Rewrite Lagrangian's equation of motion as a 1st order difeq

[noon0788]

I'm most of the way through this problem. I've already found the lagrangian equations of motion as a second order differential equation. I'm just stuck at the end...

Homework Statement

Derive a first order differential equation for the motion of a hoop in a bigger hoop.

Homework Equations

The Attempt at a Solution

I found the equation of motion to be:

0=g Sin(θ) + 3/2*R*Doubledot[θ]

I think a conserved quantity is angular momentum = 3/2*m*k²*Dot[θ]
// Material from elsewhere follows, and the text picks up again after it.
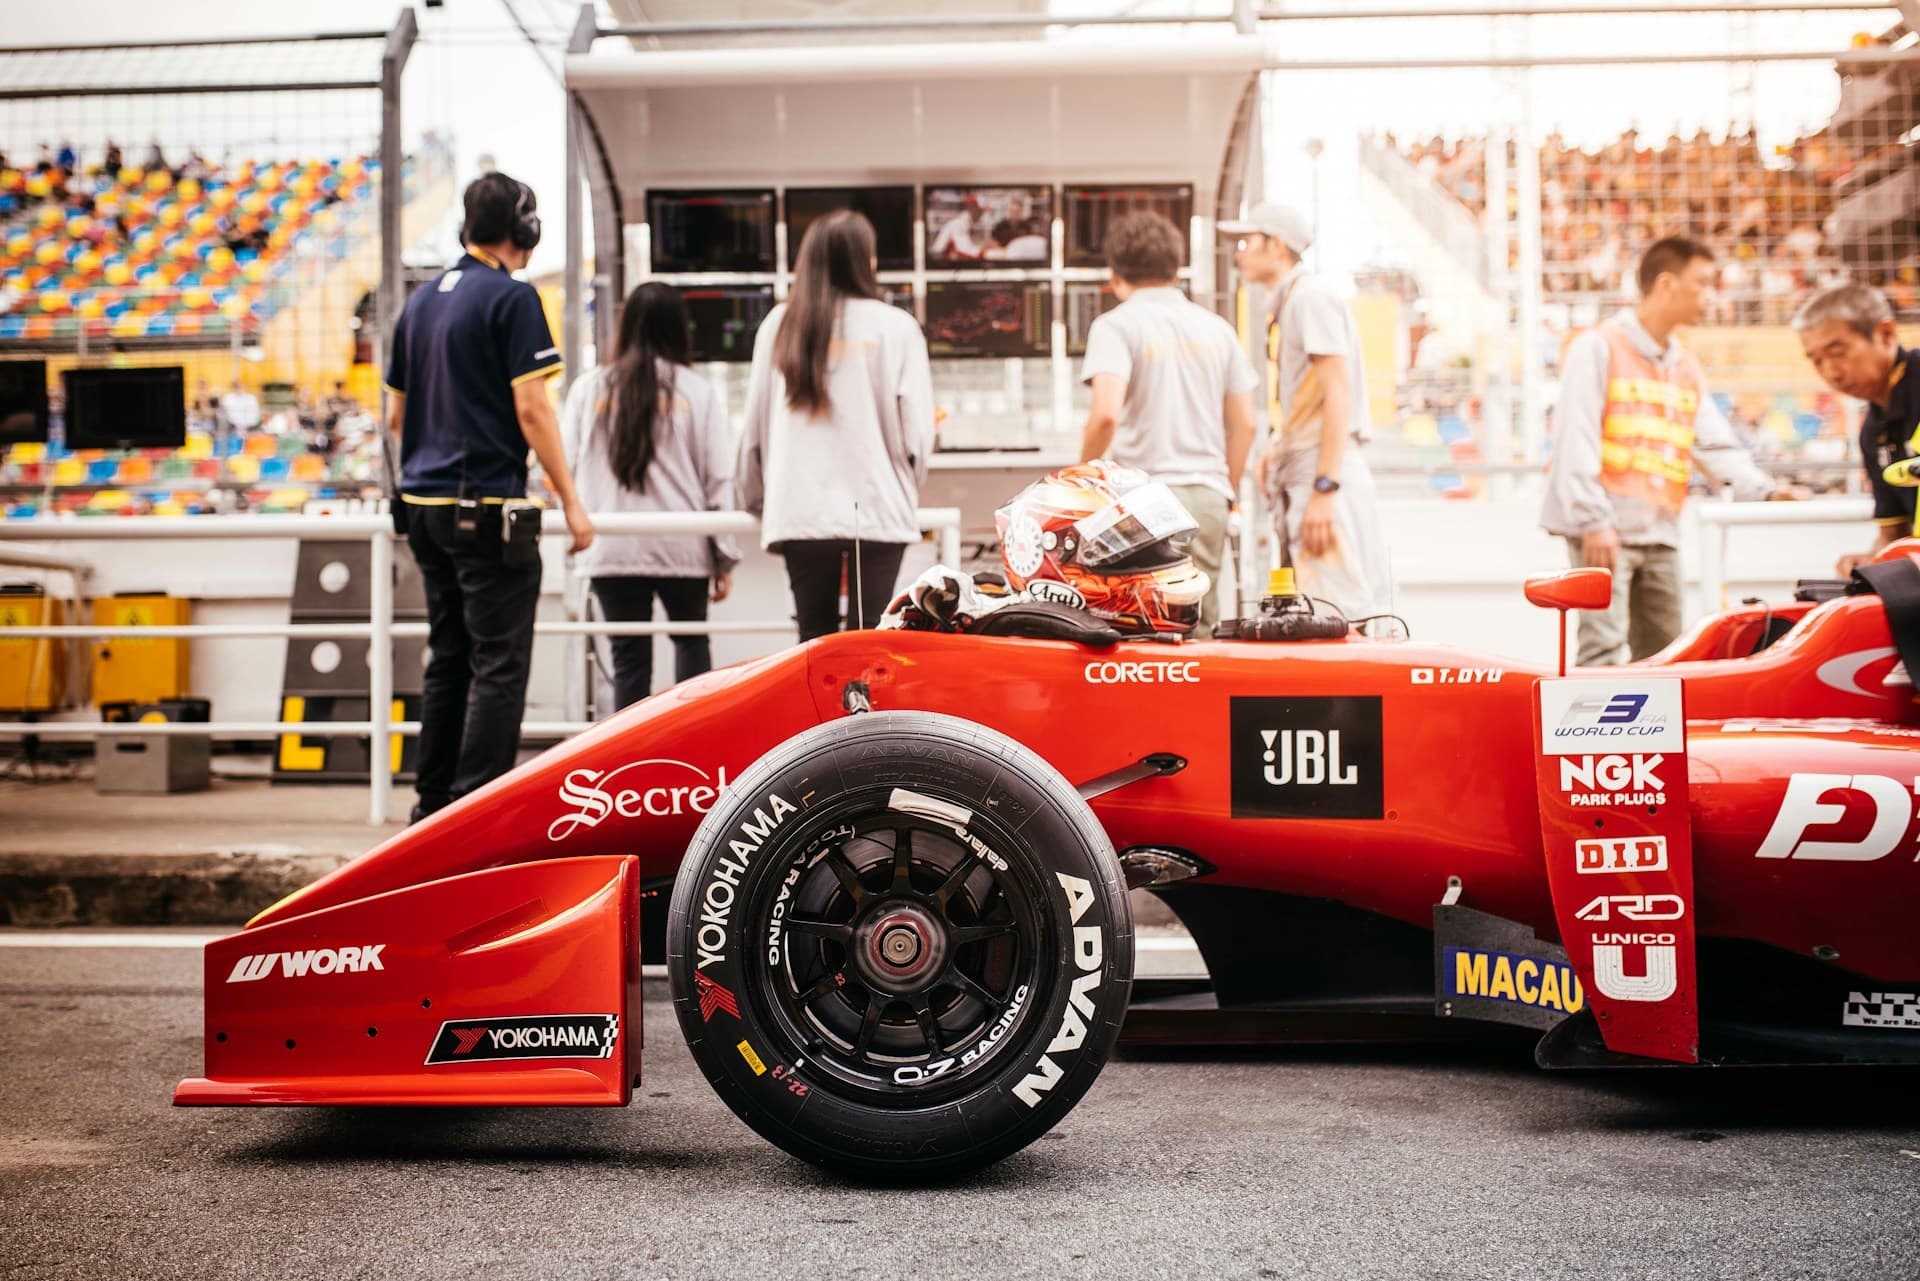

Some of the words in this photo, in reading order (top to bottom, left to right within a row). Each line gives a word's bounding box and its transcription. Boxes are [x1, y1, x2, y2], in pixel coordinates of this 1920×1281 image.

How do I write θ as a first order difeq?

 

[mathfeel]

You don't state all your variables clearly and it is difficult for me to figure out what system you are solving for.

If you are correct and$\frac{3}{2} m k^2 \dot{\theta}$ is indeed a COM (I don't know what $k$ is since you did not state in your original question and I am going to assume that it does not vary with time), then: $\ddot{\theta} = 0$, which would reduce the EOM to just $0 = g \sin\theta$.

 

[noon0788]

Sorry, here's some clarification:

Basically, it's a hoop that's allowed to move in a larger fixed hoop without slipping.

k is the radius between the center of the free hoop and the bigger hoop that it's in. It does not vary with time.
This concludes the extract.